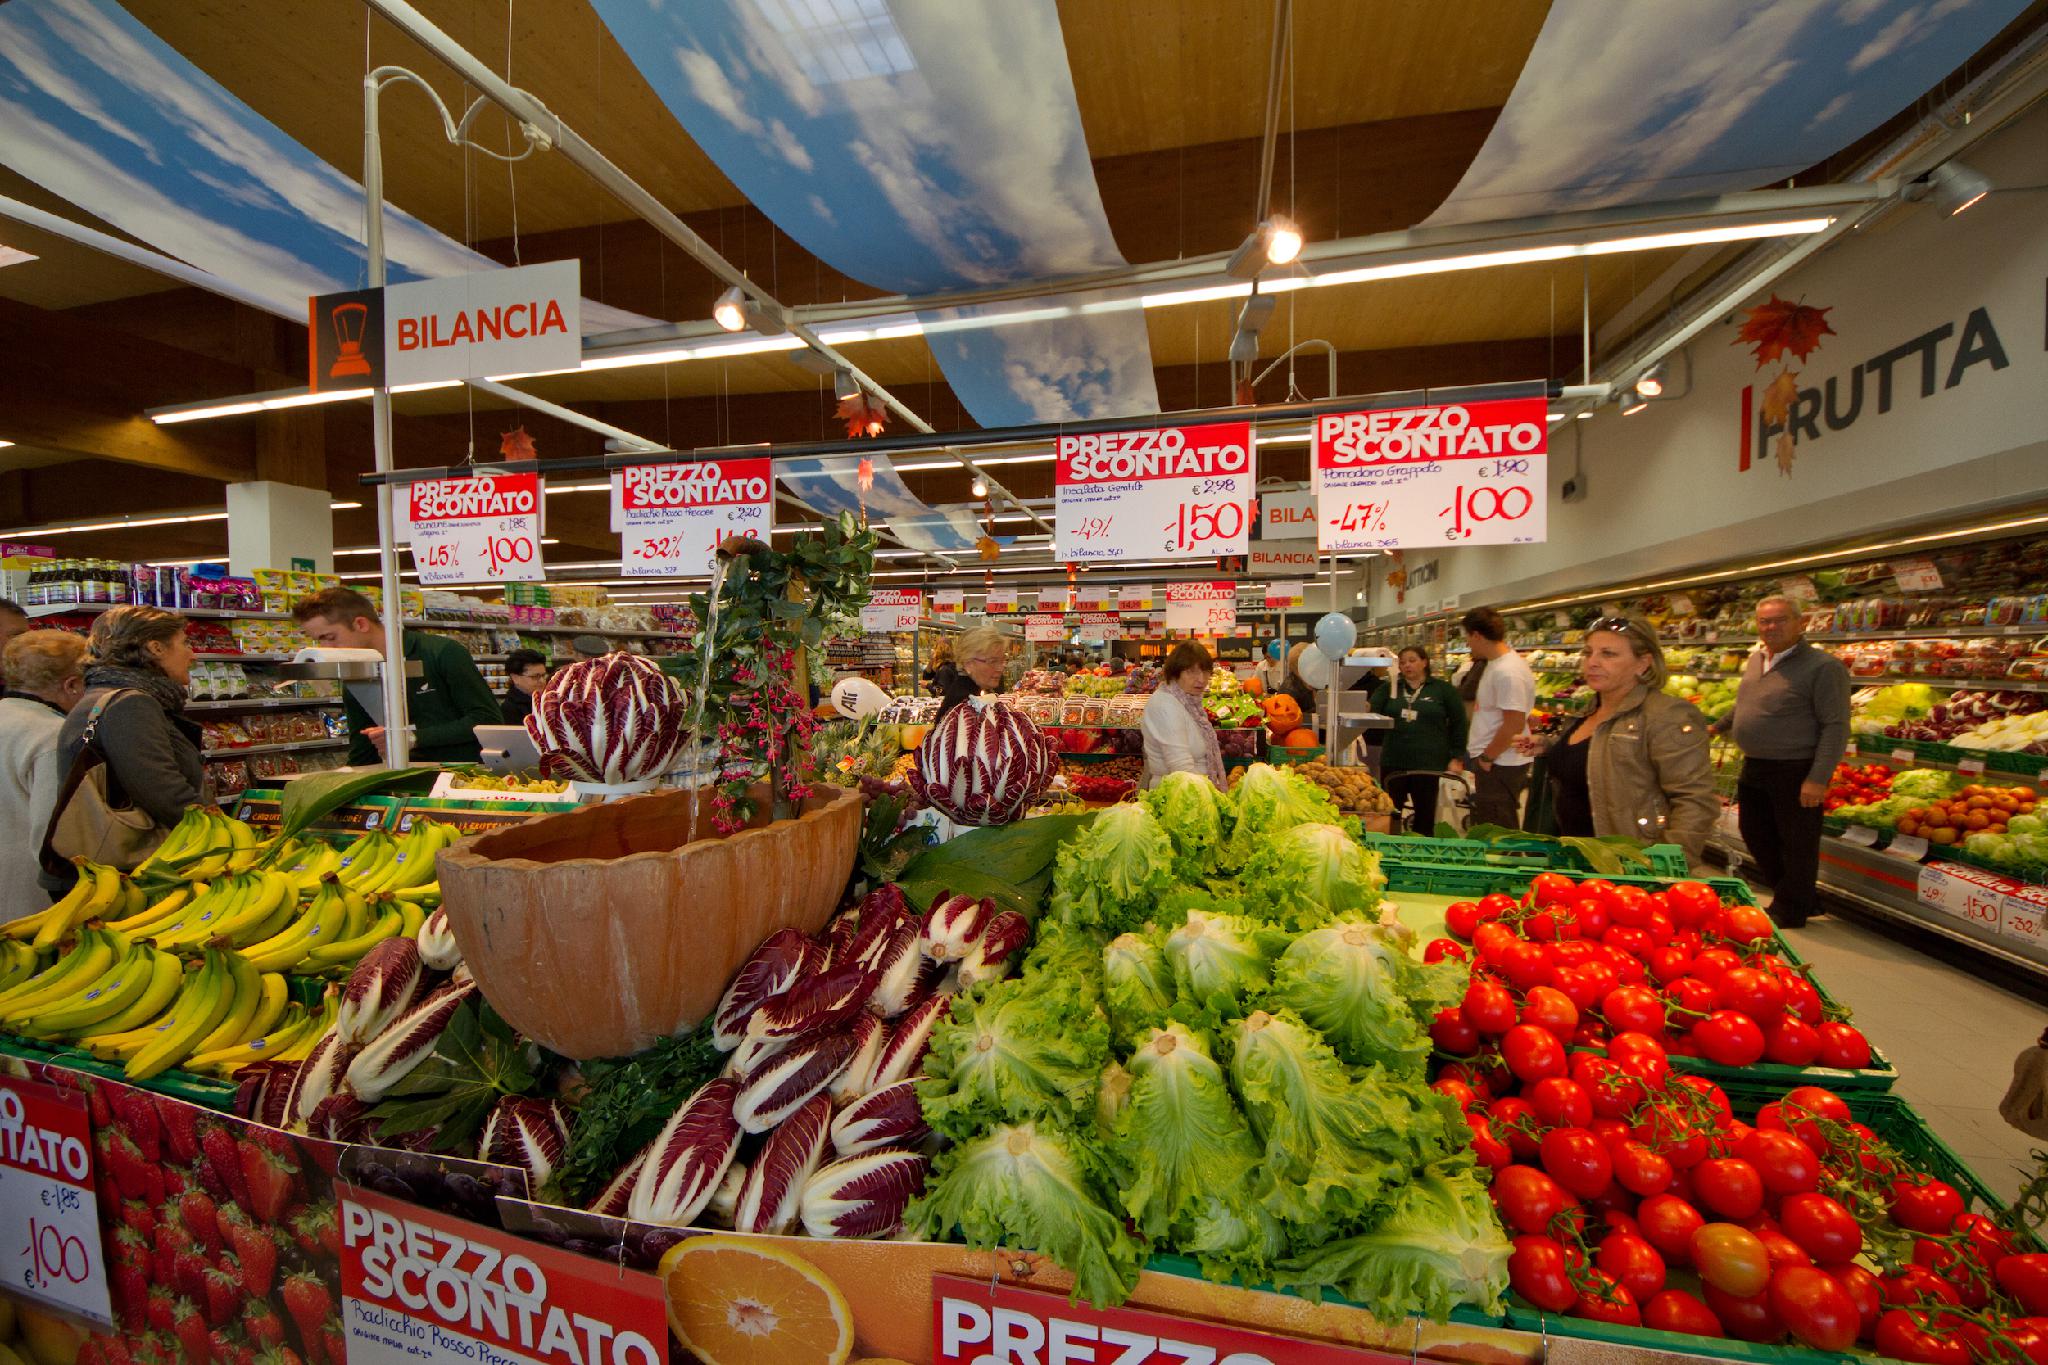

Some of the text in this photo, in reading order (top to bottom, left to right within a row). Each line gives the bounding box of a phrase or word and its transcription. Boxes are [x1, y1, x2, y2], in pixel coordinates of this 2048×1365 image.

[397, 299, 568, 352] BILANCIA
[1321, 406, 1470, 444] PREZZO
[1059, 429, 1185, 461] PREZZO
[1333, 422, 1542, 464] SCONTATO
[625, 462, 721, 489] PREZZO
[1069, 444, 1246, 481] SCONTATO
[1321, 461, 1442, 480] Pomodoro Grappolo
[1478, 466, 1489, 478] €
[413, 477, 496, 502] PREZZO
[418, 490, 534, 519] SCONTATO
[633, 477, 767, 506] SCONTATO
[1329, 500, 1389, 532] -47%
[632, 528, 686, 559] -32%
[1252, 551, 1315, 565] BILANCIA
[866, 590, 901, 598] REZZO
[870, 595, 919, 605] CONTATO
[1167, 582, 1213, 593] PREZZO
[1171, 589, 1235, 600] SCONTATO
[1083, 616, 1119, 624] SCONTATO
[0, 1122, 89, 1181] TATO
[342, 1199, 547, 1306] PREZZO
[361, 1245, 661, 1365] SCONTATO
[351, 1298, 425, 1340] Radicchio
[428, 1324, 475, 1358] Rosso
[942, 1297, 1276, 1365] PREZ
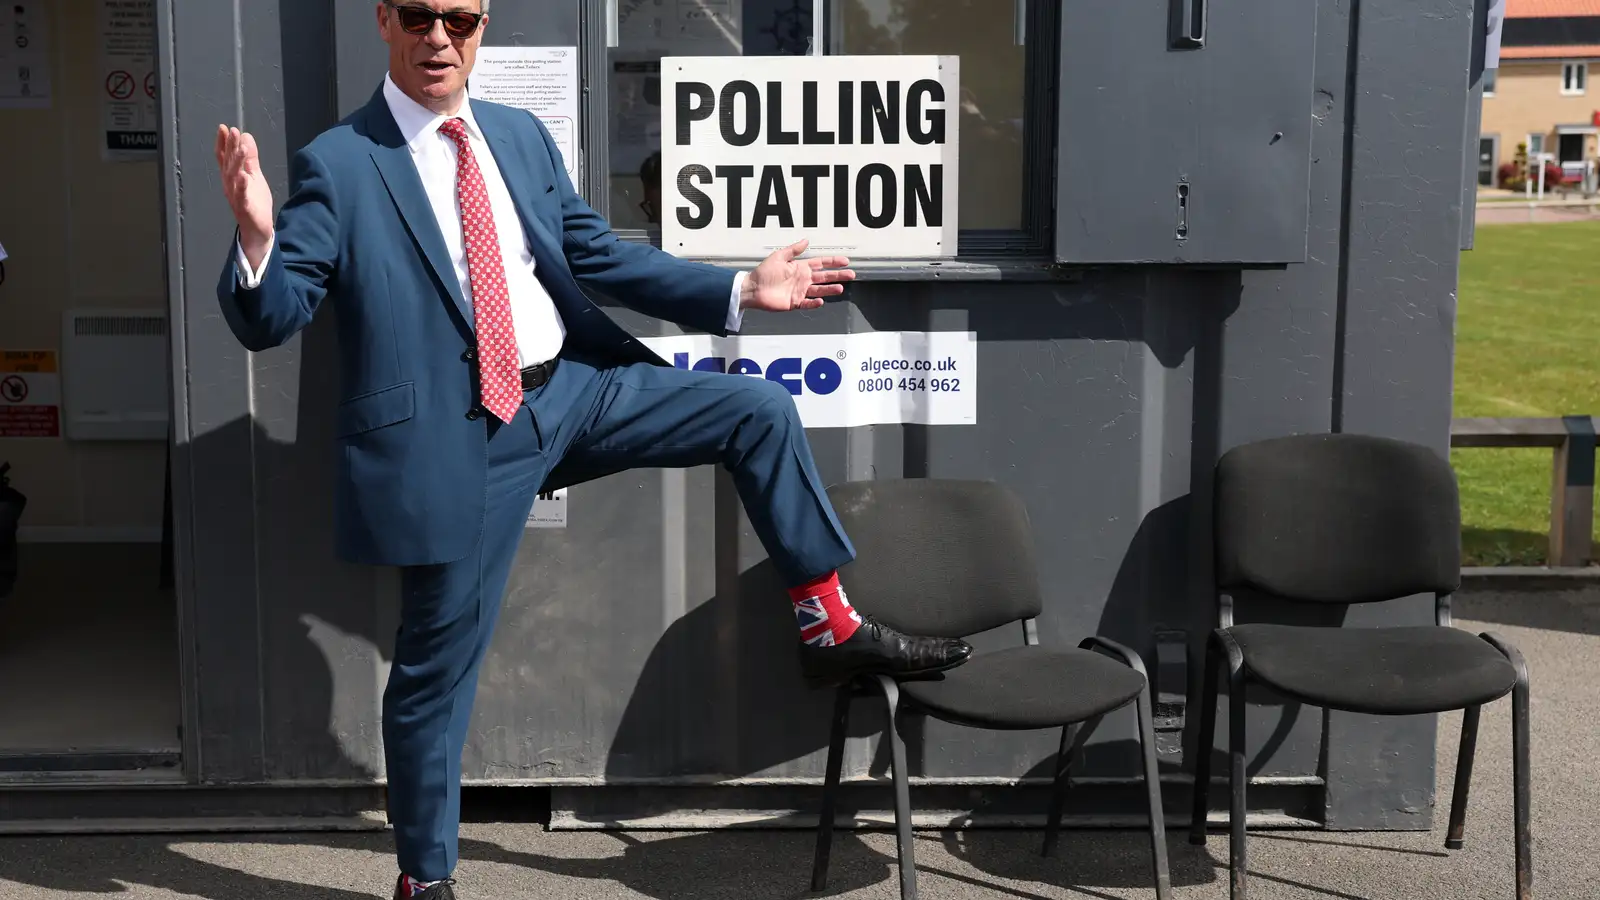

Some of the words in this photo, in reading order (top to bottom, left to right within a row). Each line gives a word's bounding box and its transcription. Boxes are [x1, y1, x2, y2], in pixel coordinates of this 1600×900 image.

[675, 79, 945, 146] POLLING
[676, 163, 943, 229] STATION
[858, 378, 893, 393] 0800
[898, 377, 926, 392] 454
[931, 378, 960, 392] 962
[861, 356, 957, 374] algeco.co.uk
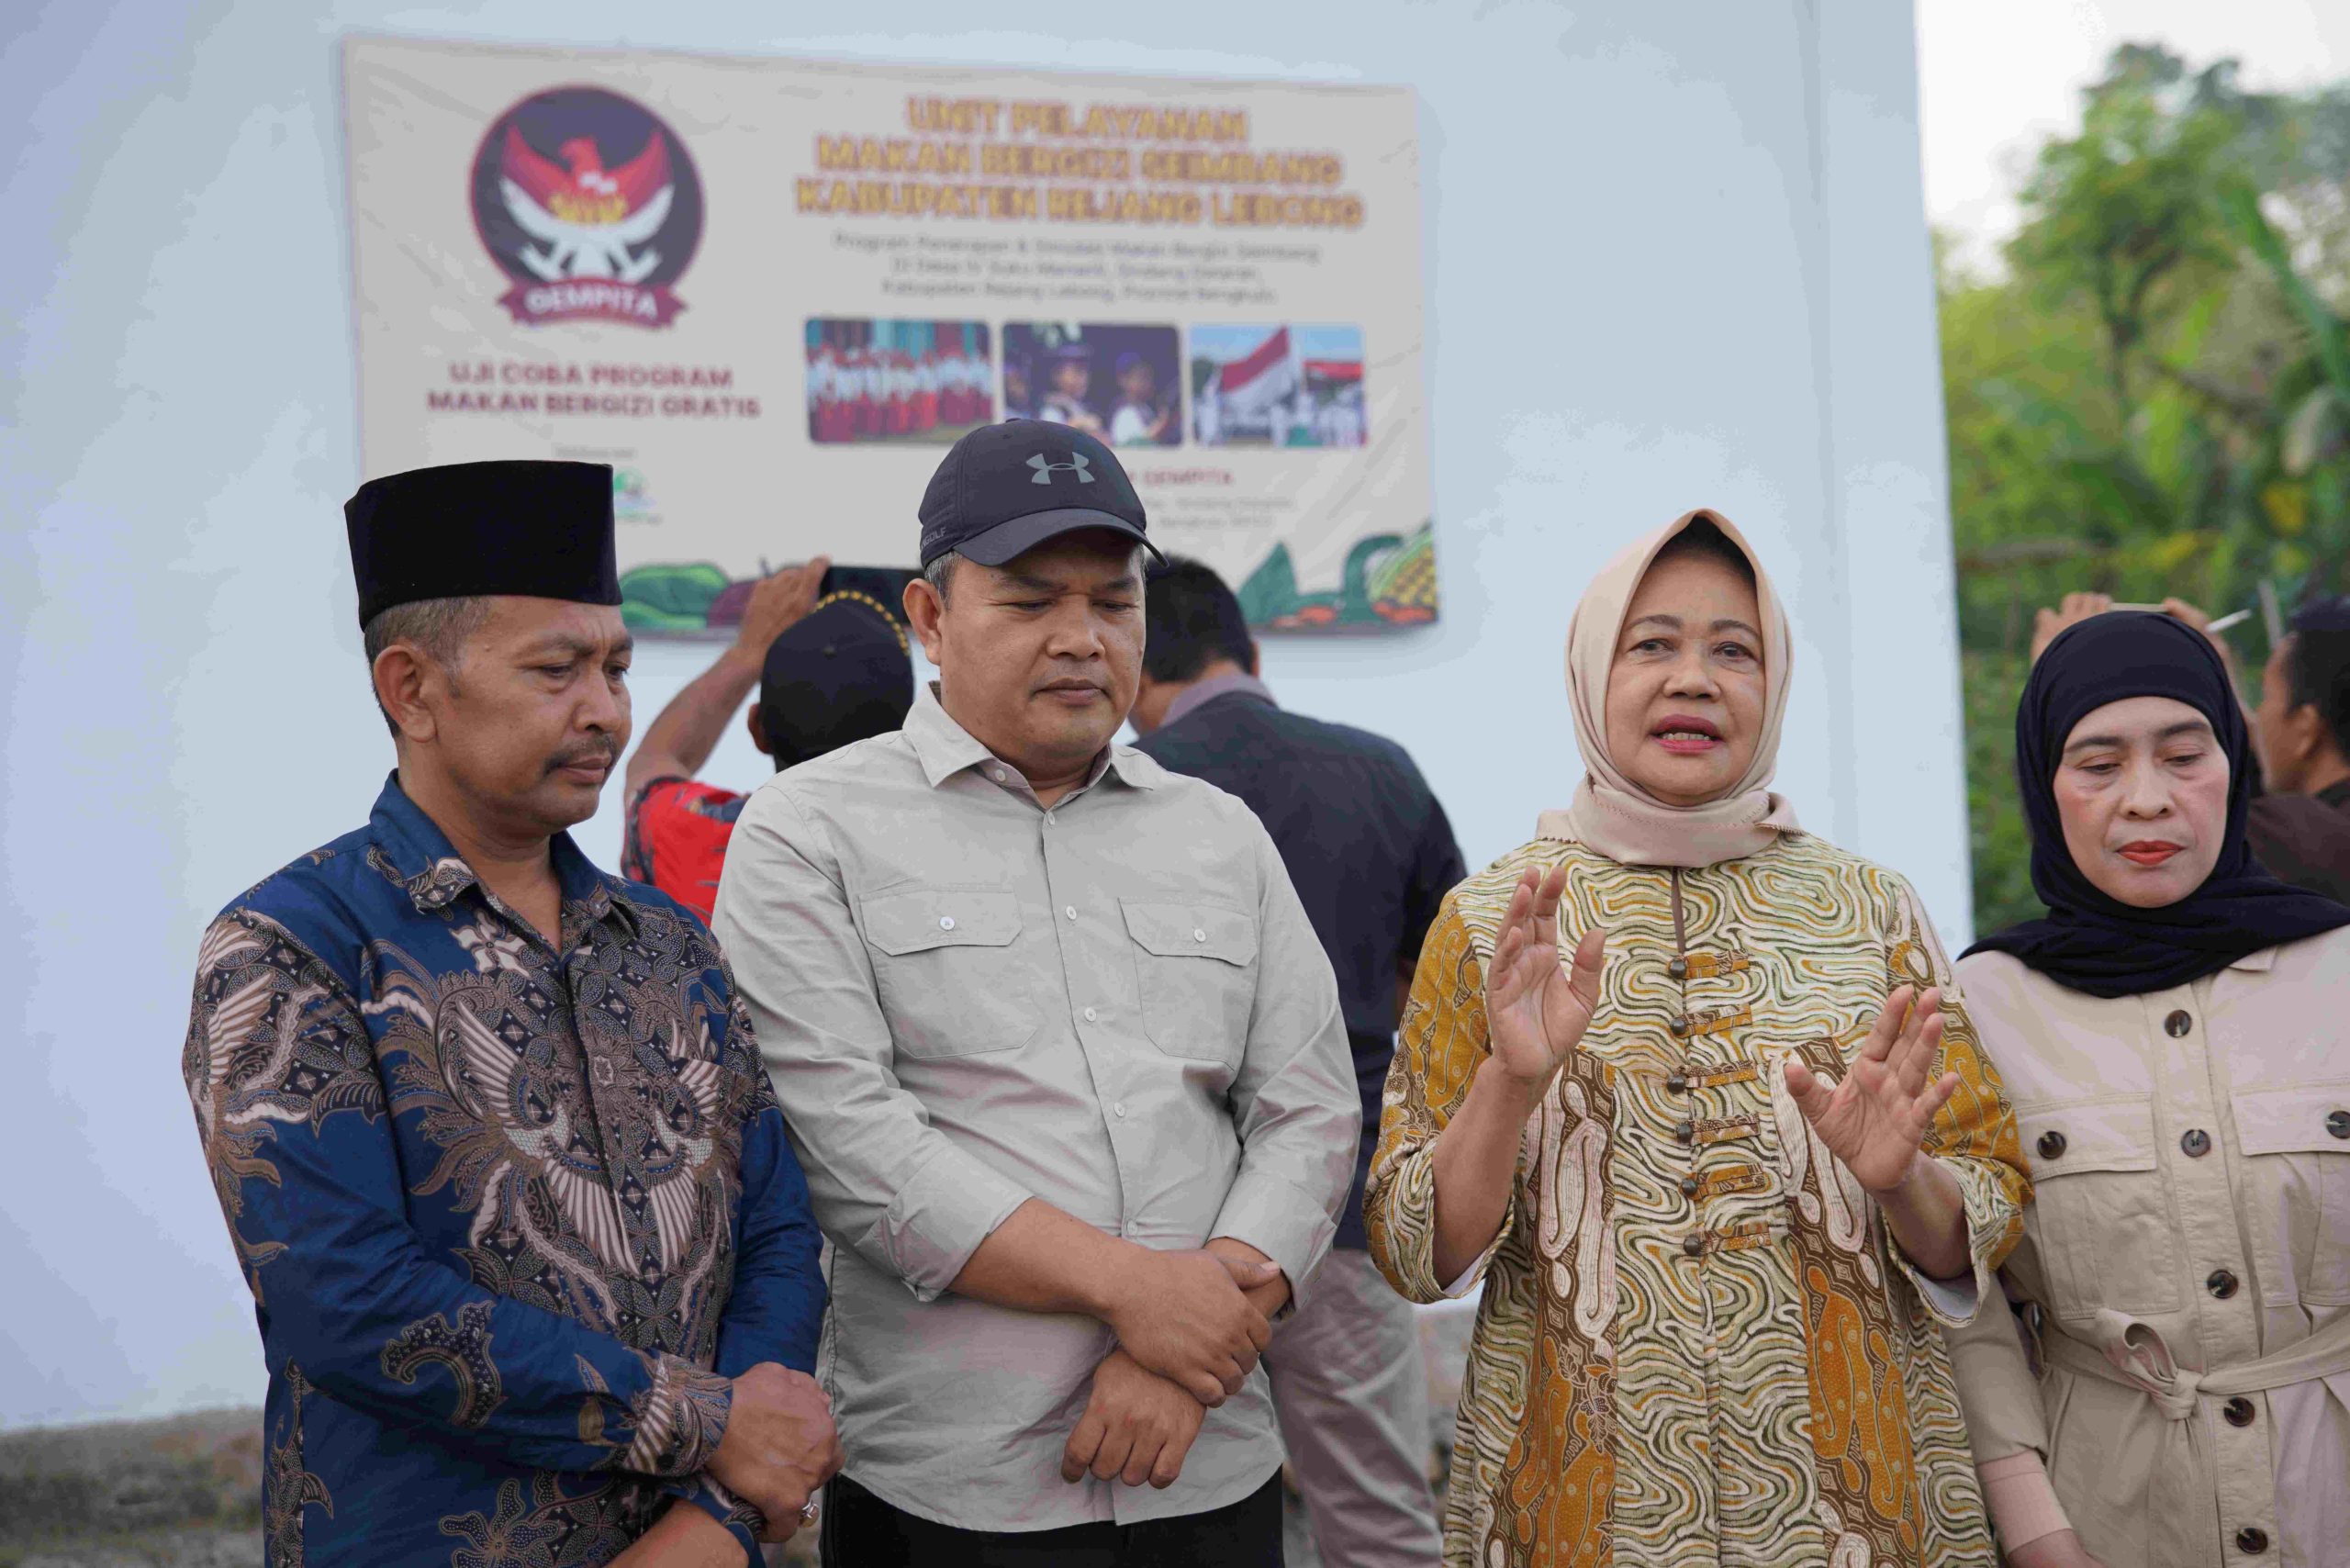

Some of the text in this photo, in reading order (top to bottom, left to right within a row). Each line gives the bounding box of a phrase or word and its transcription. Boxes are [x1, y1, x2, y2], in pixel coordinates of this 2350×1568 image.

[907, 97, 1248, 141] UNIT PELAYANAN
[816, 134, 971, 175] MAKAN
[980, 143, 1130, 181] BERGIZI
[797, 178, 1365, 230] KABUPATEN REJANG LEBONG
[523, 283, 659, 319] GEMPITA
[448, 361, 733, 388] UJI COBA PROGRAM
[427, 388, 761, 419] MAKAN BERGIZI GRATIS

▬▬▬▬▬▬▬▬▬▬

> Work task: Exclude every picture and restate the listing word for word.

> Expected answer:
Some of the text in this photo, in reading order (top to bottom, left to right within a row). Each line gives the bounding box of a phrase or word and its transcription. Boxes are [x1, y1, x2, y2], in pixel coordinates of this 2048×1365 image.

[397, 299, 568, 352] BILANCIA
[1321, 406, 1470, 444] PREZZO
[1059, 429, 1185, 461] PREZZO
[1333, 422, 1542, 464] SCONTATO
[625, 462, 721, 489] PREZZO
[1069, 444, 1246, 481] SCONTATO
[1321, 461, 1442, 480] Pomodoro Grappolo
[1478, 466, 1489, 478] €
[413, 477, 496, 502] PREZZO
[418, 490, 534, 519] SCONTATO
[633, 477, 767, 506] SCONTATO
[1329, 500, 1389, 532] -47%
[632, 528, 686, 559] -32%
[1252, 551, 1315, 565] BILANCIA
[866, 590, 901, 598] REZZO
[870, 595, 919, 605] CONTATO
[1167, 582, 1213, 593] PREZZO
[1171, 589, 1235, 600] SCONTATO
[1083, 616, 1119, 624] SCONTATO
[0, 1122, 89, 1181] TATO
[342, 1199, 547, 1306] PREZZO
[361, 1245, 661, 1365] SCONTATO
[351, 1298, 425, 1340] Radicchio
[428, 1324, 475, 1358] Rosso
[942, 1297, 1276, 1365] PREZ

Some of the words in this photo, in reading order (top to bottom, left to right within a row). Each line gives a word's bounding box and its transcription. Boxes are [x1, y1, x2, y2], in pixel coordinates of this 1600×900 image.

[675, 79, 945, 146] POLLING
[676, 163, 943, 229] STATION
[858, 378, 893, 393] 0800
[898, 377, 926, 392] 454
[931, 378, 960, 392] 962
[861, 356, 957, 374] algeco.co.uk

Some of the text in this photo, in reading order (top to bottom, left to right within a row). Each line gives the bounding box of a phrase or word and its transcription. Boxes are [x1, y1, x2, y2], in pixel coordinates of this 2350×1568 image.

[907, 97, 1248, 141] UNIT PELAYANAN
[816, 134, 971, 175] MAKAN
[980, 143, 1130, 181] BERGIZI
[797, 178, 1365, 230] KABUPATEN REJANG LEBONG
[523, 283, 659, 319] GEMPITA
[448, 361, 733, 388] UJI COBA PROGRAM
[427, 388, 761, 419] MAKAN BERGIZI GRATIS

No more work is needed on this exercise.